The paper addresses the limitation of the L-smad property in handling nonsmooth functions in optimization by introducing the MAP property, which is applicable to a broader class of nonconvex nonsmooth composite problems. Based on this, they propose Model BPG, a globally convergent algorithm, demonstrating superior performance on phase retrieval and Poisson linear inverse problems compared to a state-of-the-art method.

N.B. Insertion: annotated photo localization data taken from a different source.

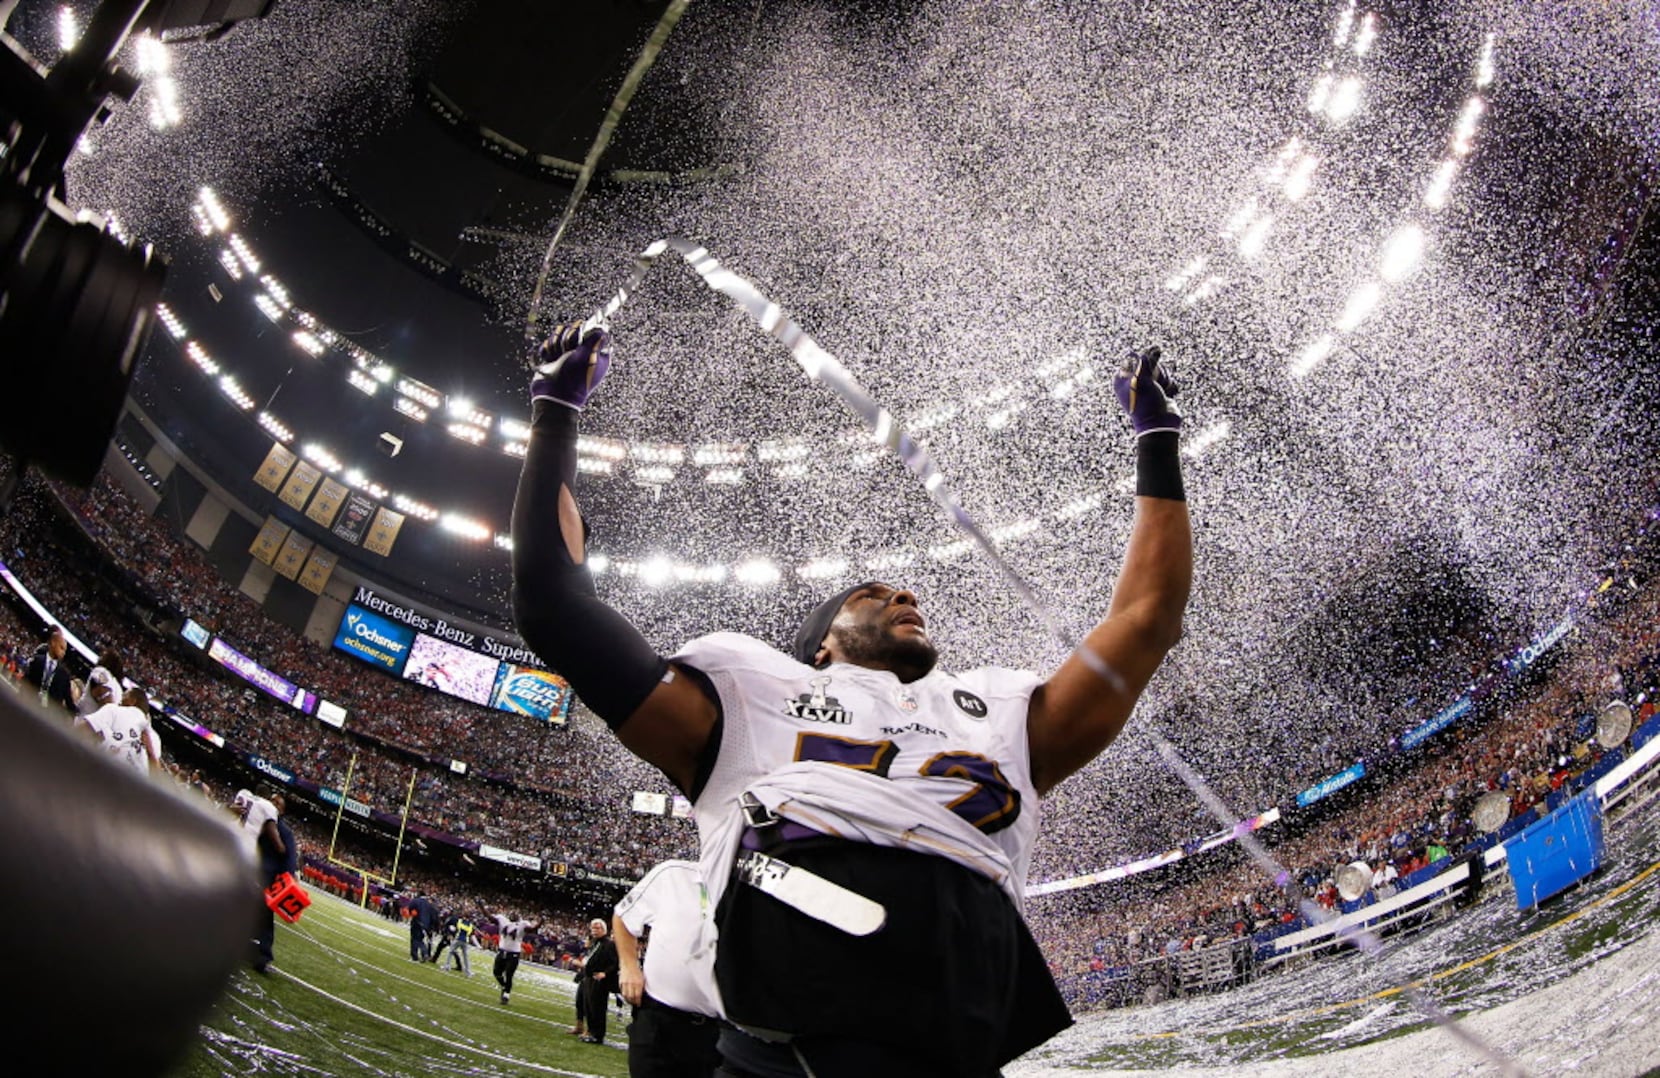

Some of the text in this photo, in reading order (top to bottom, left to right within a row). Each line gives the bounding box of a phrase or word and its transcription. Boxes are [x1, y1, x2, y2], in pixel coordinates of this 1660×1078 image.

[354, 586, 547, 667] Mercedes-Benz Super
[355, 622, 404, 653] Ochsner
[343, 635, 397, 667] ochsner.org
[516, 679, 560, 701] BUD
[781, 697, 853, 725] XLVII
[880, 722, 948, 739] RAVENS
[256, 758, 292, 783] Ochsner
[1320, 771, 1355, 799] Allstate
[506, 856, 539, 868] verizon
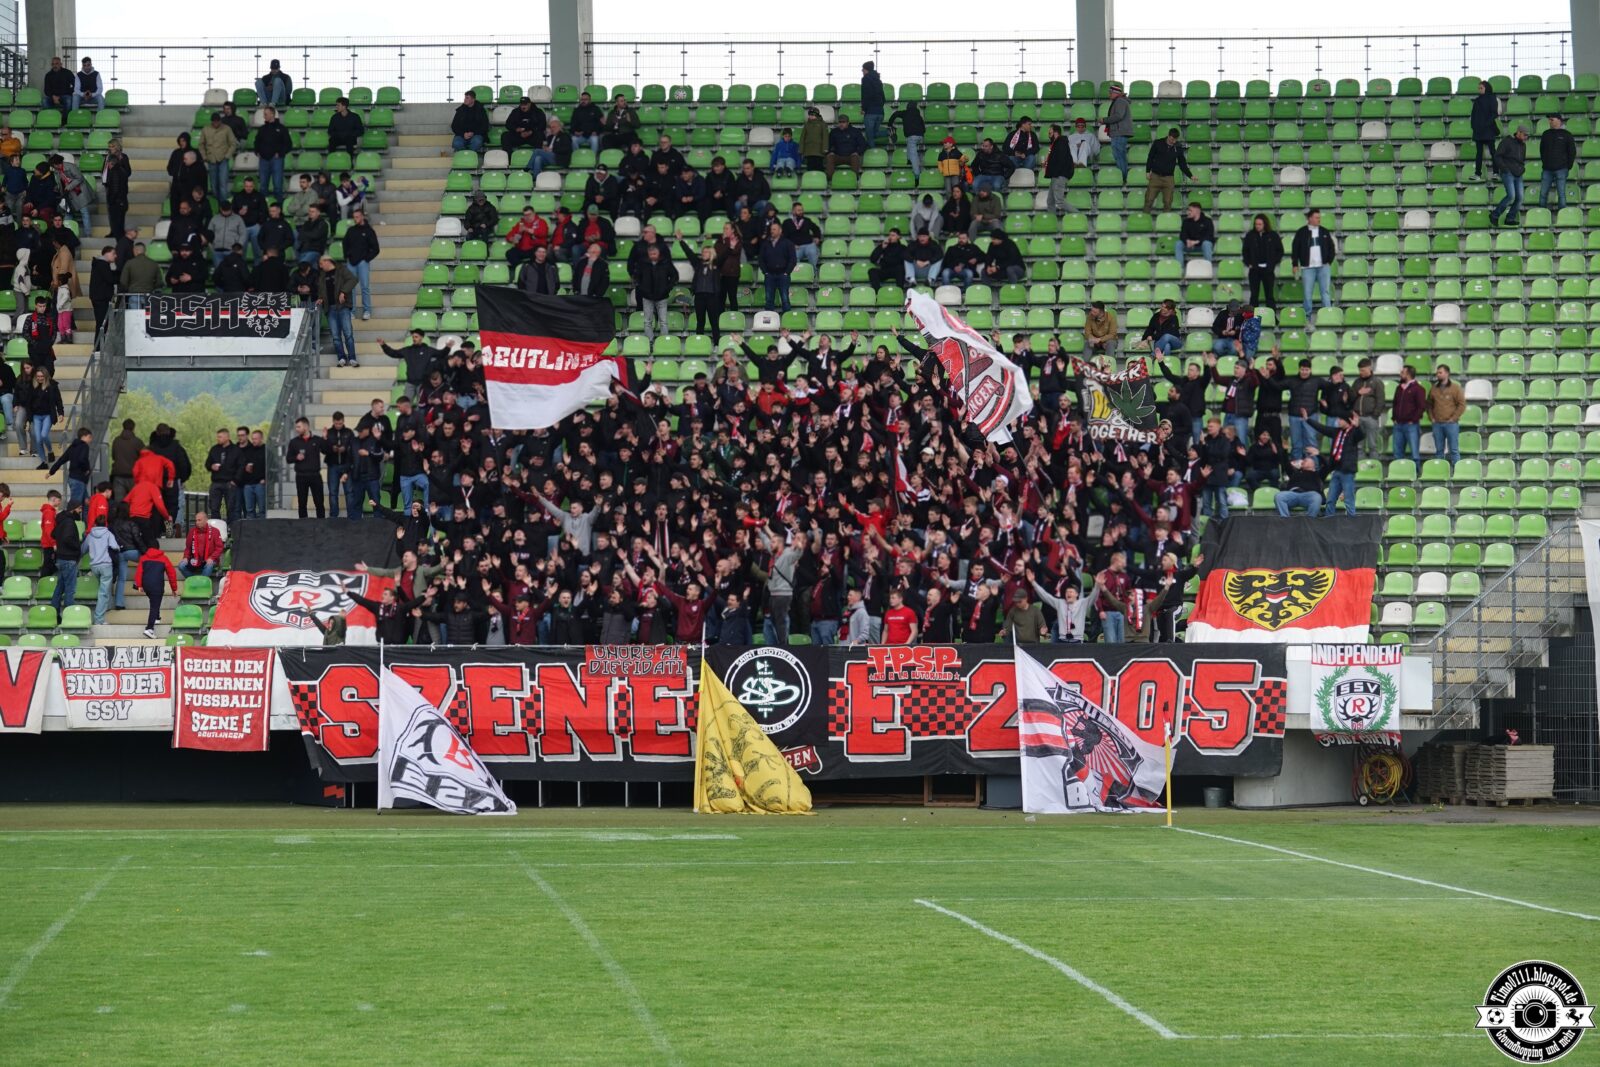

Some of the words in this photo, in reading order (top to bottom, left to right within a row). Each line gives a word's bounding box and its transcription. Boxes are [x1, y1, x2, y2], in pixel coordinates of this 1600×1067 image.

[148, 295, 240, 331] BS11
[59, 648, 108, 669] WIR
[111, 646, 173, 668] ALLE
[867, 646, 958, 674] TPSP
[1311, 644, 1402, 665] INDEPENDENT
[183, 658, 231, 673] GEGEN
[234, 660, 265, 673] DEN
[589, 660, 684, 675] DIFFIDATI
[66, 674, 116, 695] SIND
[120, 673, 165, 694] DER
[183, 676, 264, 691] MODERNEN
[1339, 682, 1378, 695] SSV
[86, 700, 133, 720] SSV
[184, 693, 262, 708] FUSSBALL!
[1351, 698, 1366, 714] R
[191, 711, 239, 732] SZENE
[242, 712, 253, 734] E

Lipschitz continuity of the gradient mapping of a continuously differentiable function plays a crucial role in designing various optimization algorithms. However, many functions arising in practical applications such as low rank matrix factorization or deep neural network problems do not have a Lipschitz continuous gradient. This led to the development of a generalized notion known as the $L$-smad property, which is based on generalized proximity measures called Bregman distances. However, the $L$-smad property cannot handle nonsmooth functions, for example, simple nonsmooth functions like $\abs{x^4-1}$ and also many practical composite problems are out of scope. We fix this issue by proposing the MAP property, which generalizes the $L$-smad property and is also valid for a large class of nonconvex nonsmooth composite problems. Based on the proposed MAP property, we propose a globally convergent algorithm called Model BPG, that unifies several existing algorithms. The convergence analysis is based on a new Lyapunov function. We also numerically illustrate the superior performance of Model BPG on standard phase retrieval problems, robust phase retrieval problems, and Poisson linear inverse problems, when compared to a state of the art optimization method that is valid for generic nonconvex nonsmooth optimization problems.